- **TASK GOAL**: The output should be all entries, each matching the original exactly.

[Start of Attachment]

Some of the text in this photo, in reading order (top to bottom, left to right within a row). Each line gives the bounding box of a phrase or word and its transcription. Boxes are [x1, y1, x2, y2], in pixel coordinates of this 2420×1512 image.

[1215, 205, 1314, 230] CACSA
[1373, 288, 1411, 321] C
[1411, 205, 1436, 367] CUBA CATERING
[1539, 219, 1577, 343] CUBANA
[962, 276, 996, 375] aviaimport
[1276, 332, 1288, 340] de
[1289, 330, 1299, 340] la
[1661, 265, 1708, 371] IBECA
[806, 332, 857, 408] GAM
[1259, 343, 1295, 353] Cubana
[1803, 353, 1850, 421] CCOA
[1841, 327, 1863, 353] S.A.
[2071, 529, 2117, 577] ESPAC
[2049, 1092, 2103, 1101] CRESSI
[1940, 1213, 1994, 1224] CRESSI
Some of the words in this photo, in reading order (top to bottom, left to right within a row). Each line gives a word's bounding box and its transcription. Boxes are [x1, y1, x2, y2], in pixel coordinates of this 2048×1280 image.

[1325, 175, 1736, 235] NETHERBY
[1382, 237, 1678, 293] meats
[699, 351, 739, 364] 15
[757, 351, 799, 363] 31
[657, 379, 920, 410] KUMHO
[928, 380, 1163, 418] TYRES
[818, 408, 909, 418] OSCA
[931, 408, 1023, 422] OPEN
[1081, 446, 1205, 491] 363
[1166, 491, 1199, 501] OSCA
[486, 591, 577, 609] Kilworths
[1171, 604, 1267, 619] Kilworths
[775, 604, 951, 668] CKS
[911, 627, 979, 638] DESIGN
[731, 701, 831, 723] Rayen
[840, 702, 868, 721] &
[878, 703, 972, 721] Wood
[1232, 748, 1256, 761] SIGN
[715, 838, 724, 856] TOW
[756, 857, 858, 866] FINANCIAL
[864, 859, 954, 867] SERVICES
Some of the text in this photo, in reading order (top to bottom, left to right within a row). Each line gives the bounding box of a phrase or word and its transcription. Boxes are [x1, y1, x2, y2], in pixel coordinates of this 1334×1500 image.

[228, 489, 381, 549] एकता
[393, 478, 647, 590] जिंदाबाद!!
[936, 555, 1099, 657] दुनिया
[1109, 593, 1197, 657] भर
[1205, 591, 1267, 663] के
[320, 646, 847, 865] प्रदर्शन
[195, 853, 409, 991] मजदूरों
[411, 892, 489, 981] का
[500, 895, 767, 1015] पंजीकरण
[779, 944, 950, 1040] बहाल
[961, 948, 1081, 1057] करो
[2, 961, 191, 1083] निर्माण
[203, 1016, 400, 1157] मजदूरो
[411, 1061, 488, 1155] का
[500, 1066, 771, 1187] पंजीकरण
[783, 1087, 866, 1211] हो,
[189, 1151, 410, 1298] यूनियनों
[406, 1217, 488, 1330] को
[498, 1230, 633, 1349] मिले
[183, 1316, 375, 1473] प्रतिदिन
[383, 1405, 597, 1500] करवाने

[End of Attachment]

- **ANSWER AREA**:
Some of the text in this photo, in reading order (top to bottom, left to right within a row). Each line gives the bounding box of a phrase or word and its transcription. Boxes are [x1, y1, x2, y2], in pixel coordinates of this 2420×1512 image.

[1215, 205, 1314, 230] CACSA
[1373, 288, 1411, 321] C
[1411, 205, 1436, 367] CUBA CATERING
[1539, 219, 1577, 343] CUBANA
[962, 276, 996, 375] aviaimport
[1276, 332, 1288, 340] de
[1289, 330, 1299, 340] la
[1661, 265, 1708, 371] IBECA
[806, 332, 857, 408] GAM
[1259, 343, 1295, 353] Cubana
[1803, 353, 1850, 421] CCOA
[1841, 327, 1863, 353] S.A.
[2071, 529, 2117, 577] ESPAC
[2049, 1092, 2103, 1101] CRESSI
[1940, 1213, 1994, 1224] CRESSI
Some of the words in this photo, in reading order (top to bottom, left to right within a row). Each line gives a word's bounding box and its transcription. Boxes are [x1, y1, x2, y2], in pixel coordinates of this 2048×1280 image.

[1325, 175, 1736, 235] NETHERBY
[1382, 237, 1678, 293] meats
[699, 351, 739, 364] 15
[757, 351, 799, 363] 31
[657, 379, 920, 410] KUMHO
[928, 380, 1163, 418] TYRES
[818, 408, 909, 418] OSCA
[931, 408, 1023, 422] OPEN
[1081, 446, 1205, 491] 363
[1166, 491, 1199, 501] OSCA
[486, 591, 577, 609] Kilworths
[1171, 604, 1267, 619] Kilworths
[775, 604, 951, 668] CKS
[911, 627, 979, 638] DESIGN
[731, 701, 831, 723] Rayen
[840, 702, 868, 721] &
[878, 703, 972, 721] Wood
[1232, 748, 1256, 761] SIGN
[715, 838, 724, 856] TOW
[756, 857, 858, 866] FINANCIAL
[864, 859, 954, 867] SERVICES
Some of the text in this photo, in reading order (top to bottom, left to right within a row). Each line gives the bounding box of a phrase or word and its transcription. Boxes are [x1, y1, x2, y2], in pixel coordinates of this 1334×1500 image.

[228, 489, 381, 549] एकता
[393, 478, 647, 590] जिंदाबाद!!
[936, 555, 1099, 657] दुनिया
[1109, 593, 1197, 657] भर
[1205, 591, 1267, 663] के
[320, 646, 847, 865] प्रदर्शन
[195, 853, 409, 991] मजदूरों
[411, 892, 489, 981] का
[500, 895, 767, 1015] पंजीकरण
[779, 944, 950, 1040] बहाल
[961, 948, 1081, 1057] करो
[2, 961, 191, 1083] निर्माण
[203, 1016, 400, 1157] मजदूरो
[411, 1061, 488, 1155] का
[500, 1066, 771, 1187] पंजीकरण
[783, 1087, 866, 1211] हो,
[189, 1151, 410, 1298] यूनियनों
[406, 1217, 488, 1330] को
[498, 1230, 633, 1349] मिले
[183, 1316, 375, 1473] प्रतिदिन
[383, 1405, 597, 1500] करवाने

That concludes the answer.